Elle n'avait pas tort. Mais elle n'avait pas entièrement raison non plus.
Olivier - et pourquoi j'ai dit oui
Olivier était un client régulier depuis huit mois à ce stade. Quarante-cinq ans, ingénieur dans une société de conseil en infrastructure basée à Plan-les-Ouates, quelqu'un avec qui les rendez-vous se passaient toujours bien - sans éclat particulier, sans mauvaise surprise non plus. Fiable, discret, attentif. Le genre de client qui envoie un message le lendemain pour dire que c'était bien. Ce type de message, je l'apprécie plus que certains ne le croiraient.
On se voyait environ une fois par mois. Ce soir-là, dîner dans un brasserie du quartier Saint-Gervais - son choix habituel, il aimait les endroits sans chichi. Et au moment du dessert, donc, il a posé sa fourchette et m'a dit : "J'ai une question un peu particulière à te poser. Tu peux dire non sans que ça change quoi que ce soit entre nous."
Cette entrée en matière m'a déjà disposée favorablement. Les hommes qui commencent par dire que le non est acceptable méritent qu'on les écoute jusqu'au bout.
Il avait une amie - pas sa compagne, une amie avec qui il avait une relation intermittente depuis quelques années, quelqu'un qui connaissait son mode de vie et les siennes. Elle était curieuse. Lui aussi, de voir ça. Il me demandait si j'étais ouverte à passer une soirée à trois, en précisant qu'il n'attendait rien de particulier - juste ce que la soirée donnerait naturellement.

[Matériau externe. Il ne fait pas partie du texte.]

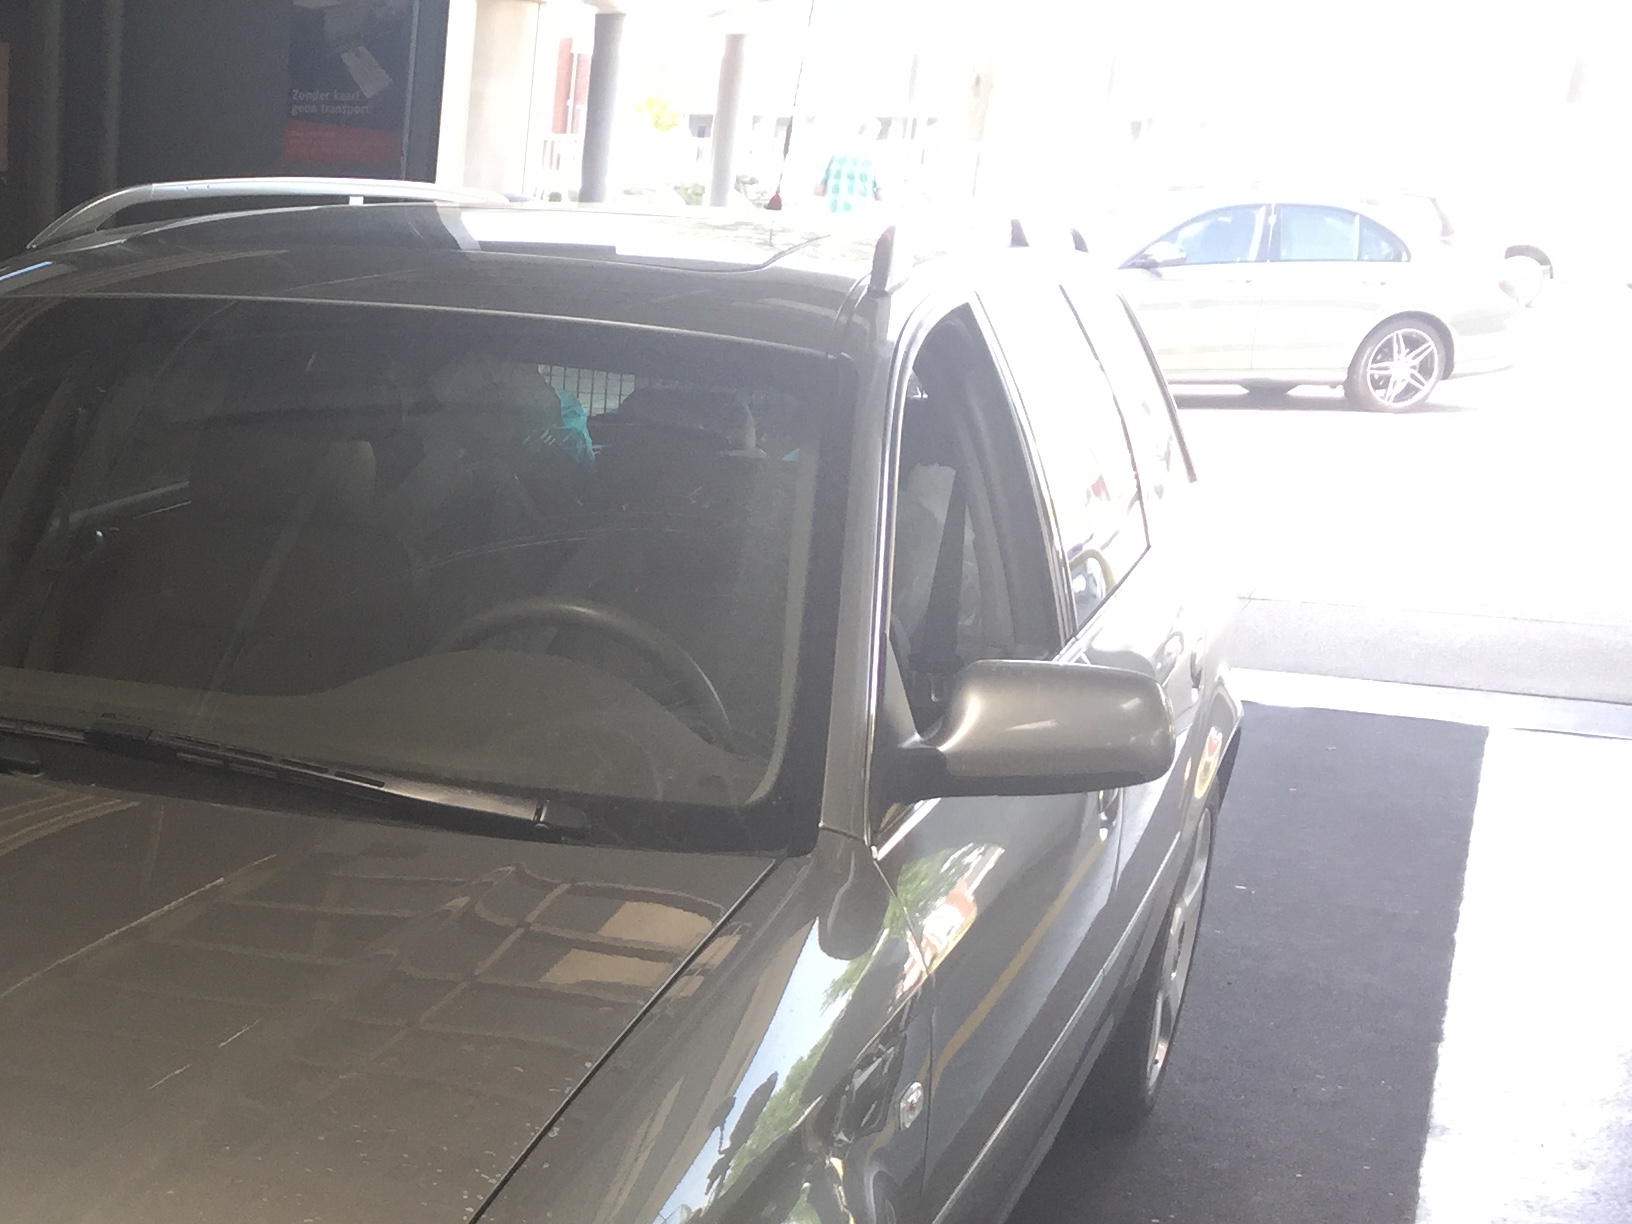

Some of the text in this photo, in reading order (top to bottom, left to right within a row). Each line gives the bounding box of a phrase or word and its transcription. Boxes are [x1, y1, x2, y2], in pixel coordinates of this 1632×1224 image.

[292, 89, 360, 101] Zonder kaart
[291, 103, 369, 117] geen transport

J'ai réfléchi vingt secondes pour de vrai. Pas pour la forme. Et j'ai dit oui pour deux raisons : la première, c'est que je faisais confiance à Olivier pour ne pas transformer ça en cirque. La deuxième, c'est que j'étais sincèrement curieuse.
Avant - la préparation différente
La soirée était programmée dix jours plus tard, un samedi. Pendant ces dix jours, j'ai réfléchi plus que d'habitude à ma préparation - pas au rituel physique, qui restait le même, mais à l'état d'esprit. Comment est-ce qu'on entre dans une soirée à trois sans se fixer d'attentes qui risquent d'être déçues ? Comment est-ce qu'on reste soi-même dans une dynamique à plusieurs, où les équilibres sont forcément plus complexes ?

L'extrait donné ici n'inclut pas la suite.